La recherche des causes premières, avons-nous dit, n’est point du domaine scientifique. Quand l’expérimentateur est parvenu au déterminisme des phénomènes, il ne lui est pas donné d’aller au-delà, et sous ce rapport la limite de sa connaissance est la même dans les sciences des corps vivans et dans les sciences des corps bruts.

La nature de notre esprit nous porte d’abord à rechercher la cause première, c’est-à-dire l’essence ou le pourquoi des choses. En cela, nous visons plus loin que le but qu’il nous est donné d’atteindre, car l’expérience nous apprend bientôt que nous ne pouvons pas aller au-delà du comment, c’est-à-dire au-delà du déterminisme qui donne la cause prochaine ou la condition d’existence des phénomènes.

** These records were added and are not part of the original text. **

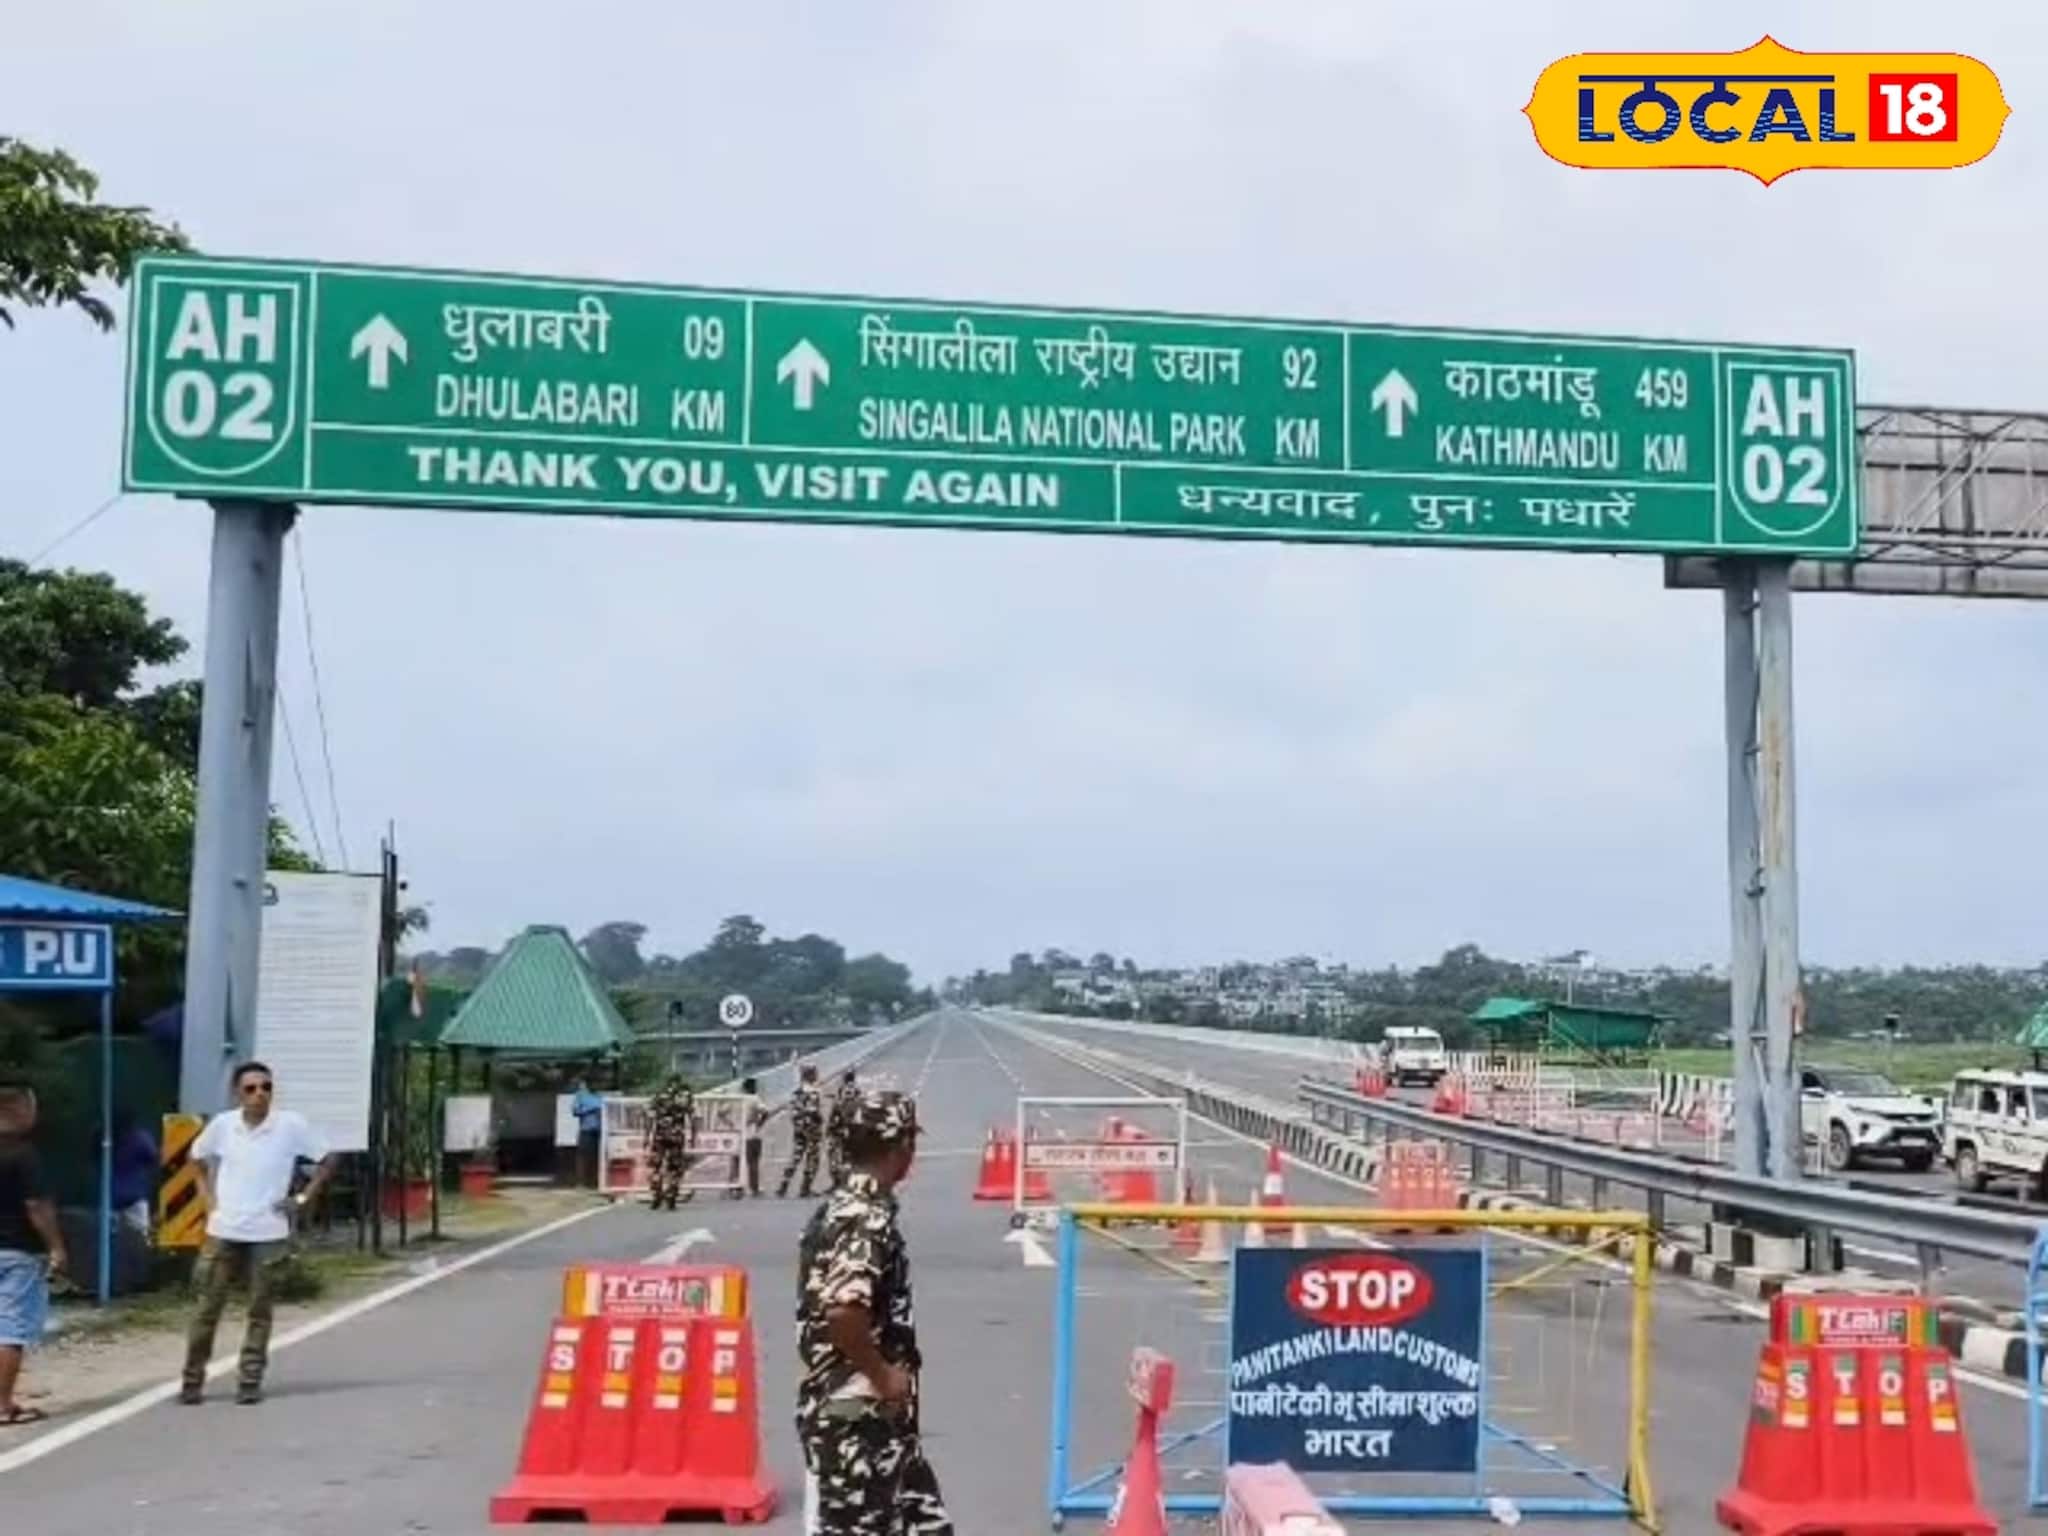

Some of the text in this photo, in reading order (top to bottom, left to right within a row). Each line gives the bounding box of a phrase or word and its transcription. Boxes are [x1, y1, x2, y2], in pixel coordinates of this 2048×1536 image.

[165, 290, 277, 363] AH
[443, 295, 725, 363] धुलाबरी 09
[859, 313, 1318, 389] सिंगालीला राष्ट्रीय उद्यान 92
[163, 369, 274, 441] 02
[436, 373, 725, 433] DHULABARI KM
[1443, 354, 1688, 419] काठमांडू 459
[1741, 374, 1825, 438] AH
[857, 397, 1320, 458] SINGALILA NATIONAL PARK KM
[1436, 424, 1688, 473] KATHMANDU KM
[408, 446, 1058, 508] THANK YOU, VISIT AGAIN
[1743, 444, 1828, 506] 02
[1520, 491, 1636, 528] पधारें
[24, 930, 98, 975] P.U
[1299, 1269, 1416, 1310] STOP
[1232, 1326, 1481, 1389] PANITANKI LAND CUSTOMS
[1304, 1429, 1394, 1458] भारत

Ce que nous appelons le déterminisme d’un phénomène n’est rien autre chose que la cause déterminante ou la cause prochaine, c’est-à-dire la circonstance qui détermine l’apparition du phénomène et constitue sa condition ou l’une de ses conditions d’existence. Le mot déterminisme a une signification tout à fait différente de celle du mot fatalisme. Le fatalisme suppose la manifestation nécessaire d’un phénomène indépendamment de ses conditions, tandis que le déterminisme n’est que la condition nécessaire d’un phénomène dont la manifestation n’est pas forcée. Le fatalisme est donc anti-scientifique à l’égal de l’indéterminisme.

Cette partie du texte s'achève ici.